> **ASSIGNMENT**
Please transcribe the listing that follows exactly; images are to be excluded.

════

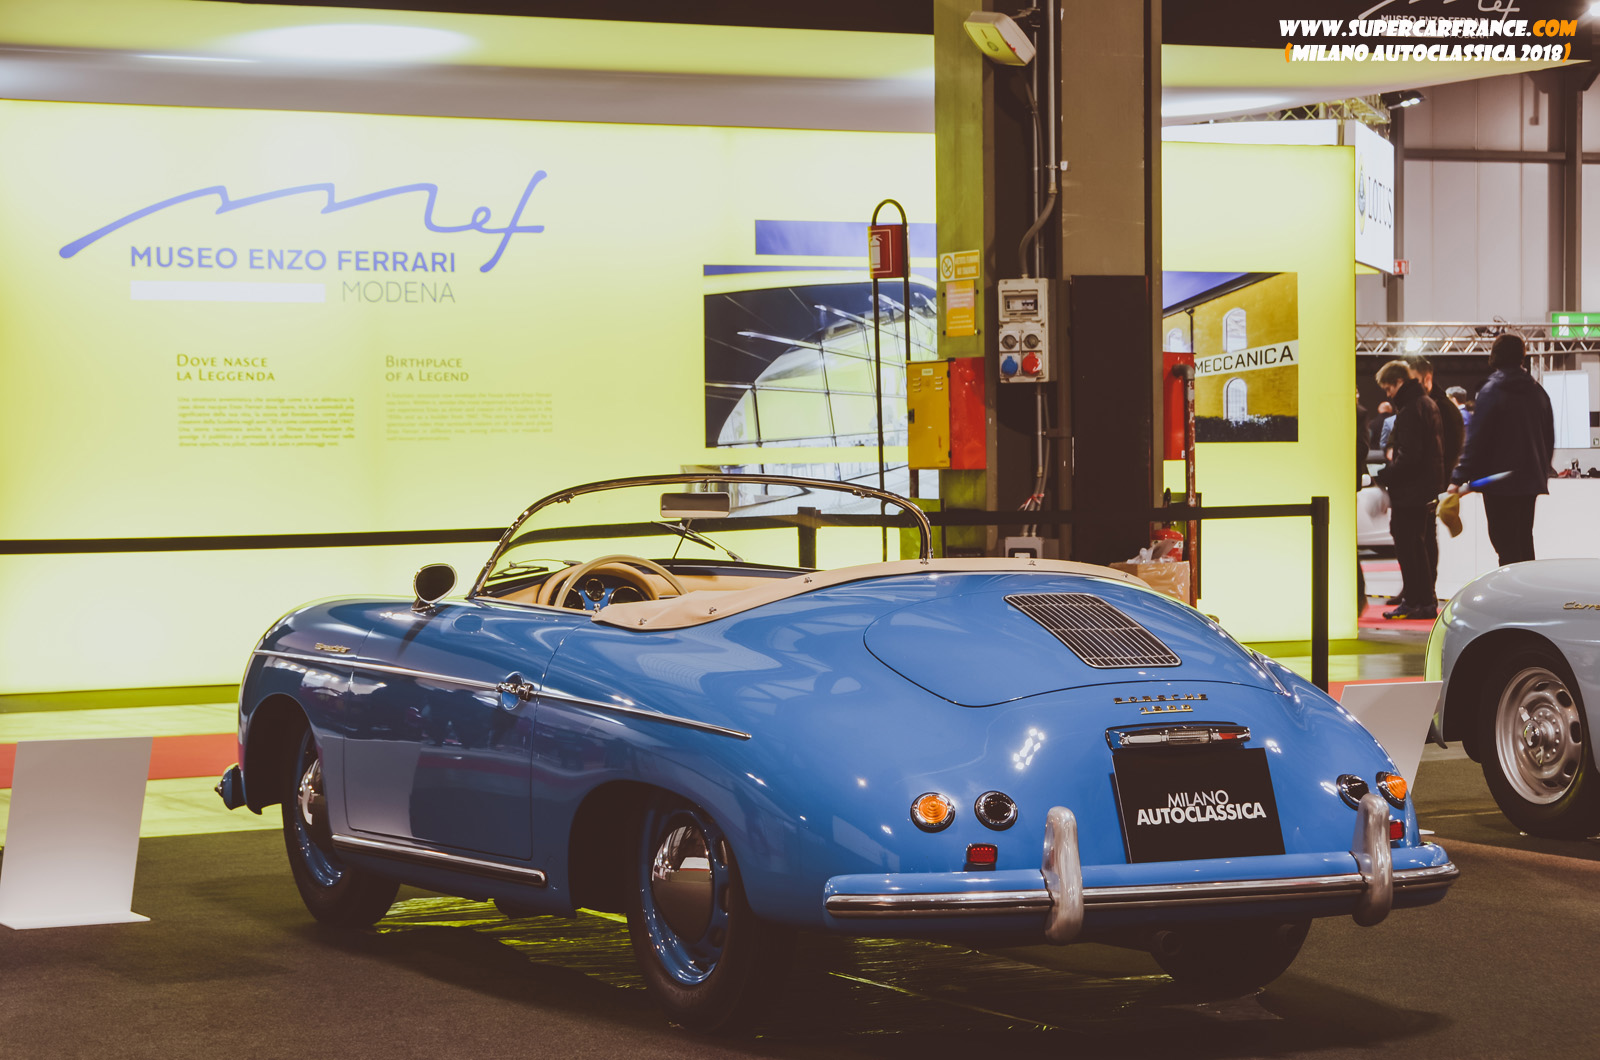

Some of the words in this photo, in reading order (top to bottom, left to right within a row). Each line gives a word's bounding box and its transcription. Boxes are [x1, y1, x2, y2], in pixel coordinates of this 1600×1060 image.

[1368, 176, 1393, 229] LOTUS
[131, 246, 238, 269] MUSEO
[249, 248, 327, 271] ENZO
[338, 250, 456, 273] FERRARI
[342, 280, 456, 304] MODENA
[1194, 345, 1294, 374] MECCANICA
[1113, 693, 1209, 704] PORSCHE
[1167, 789, 1230, 809] MILANO
[1136, 802, 1267, 826] AUTOCLASSICA
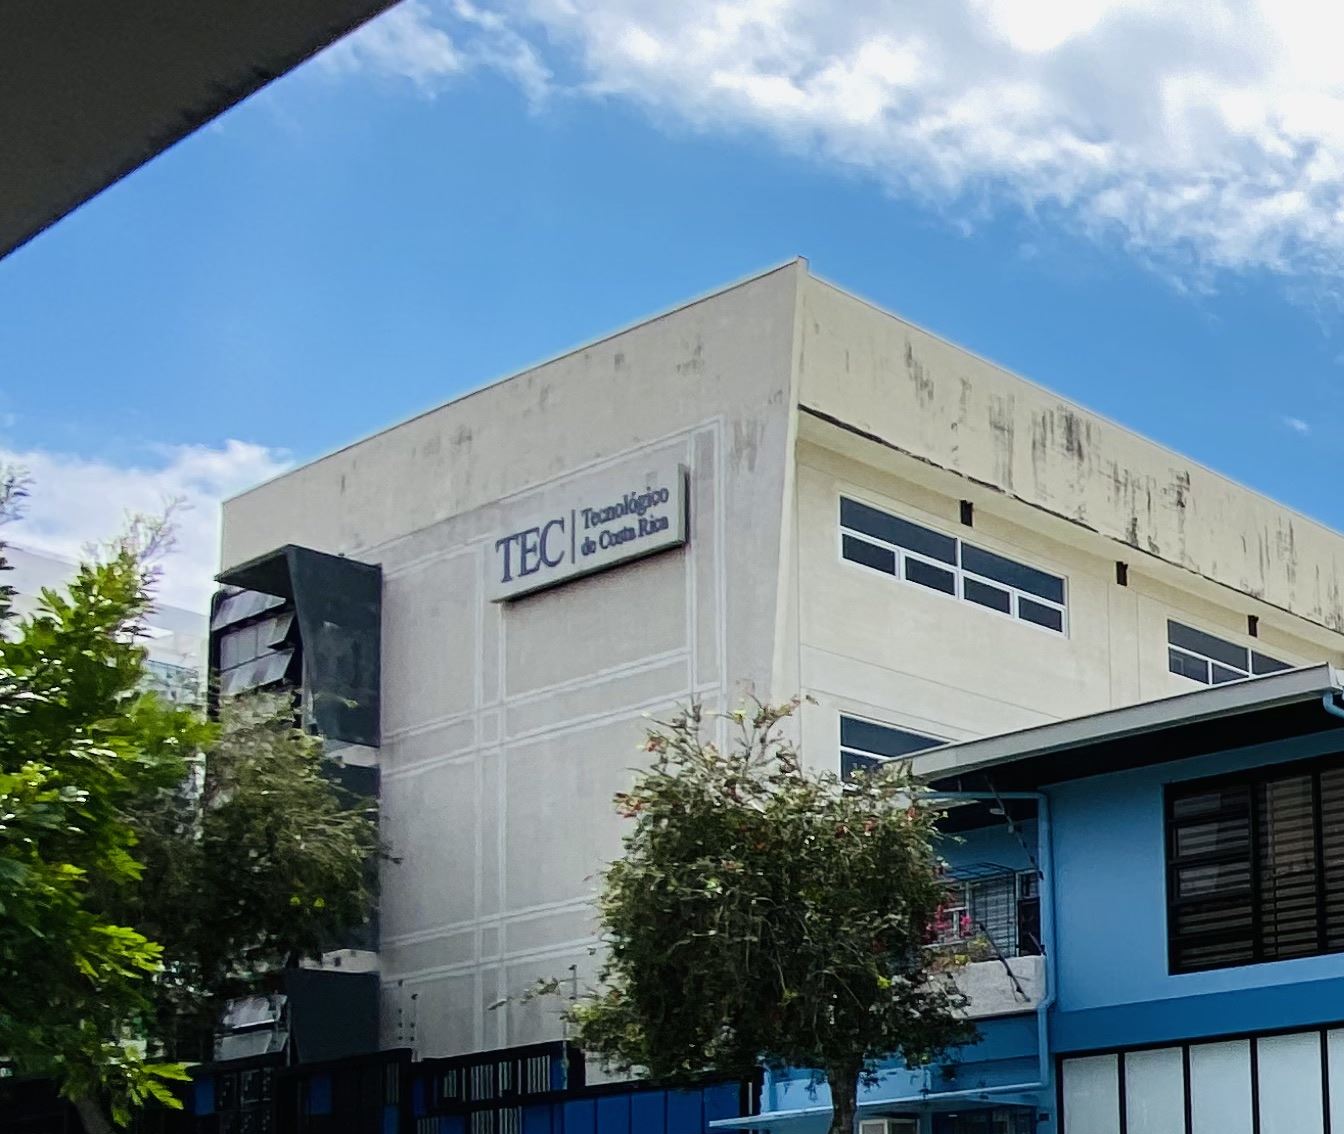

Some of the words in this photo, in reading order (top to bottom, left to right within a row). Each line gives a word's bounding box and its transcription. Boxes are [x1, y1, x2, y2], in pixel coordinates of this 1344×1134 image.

[581, 486, 669, 529] Tecnológico
[495, 517, 565, 584] TEC
[581, 536, 596, 557] de
[599, 526, 637, 550] Costa
[638, 514, 669, 538] Rica

════

> **RESULT OF THE EXERCISE**
Some of the words in this photo, in reading order (top to bottom, left to right within a row). Each line gives a word's bounding box and its transcription. Boxes are [x1, y1, x2, y2], in pixel coordinates of this 1600×1060 image.

[1368, 176, 1393, 229] LOTUS
[131, 246, 238, 269] MUSEO
[249, 248, 327, 271] ENZO
[338, 250, 456, 273] FERRARI
[342, 280, 456, 304] MODENA
[1194, 345, 1294, 374] MECCANICA
[1113, 693, 1209, 704] PORSCHE
[1167, 789, 1230, 809] MILANO
[1136, 802, 1267, 826] AUTOCLASSICA

Some of the words in this photo, in reading order (top to bottom, left to right within a row). Each line gives a word's bounding box and its transcription. Boxes are [x1, y1, x2, y2], in pixel coordinates of this 1344×1134 image.

[581, 486, 669, 529] Tecnológico
[495, 517, 565, 584] TEC
[581, 536, 596, 557] de
[599, 526, 637, 550] Costa
[638, 514, 669, 538] Rica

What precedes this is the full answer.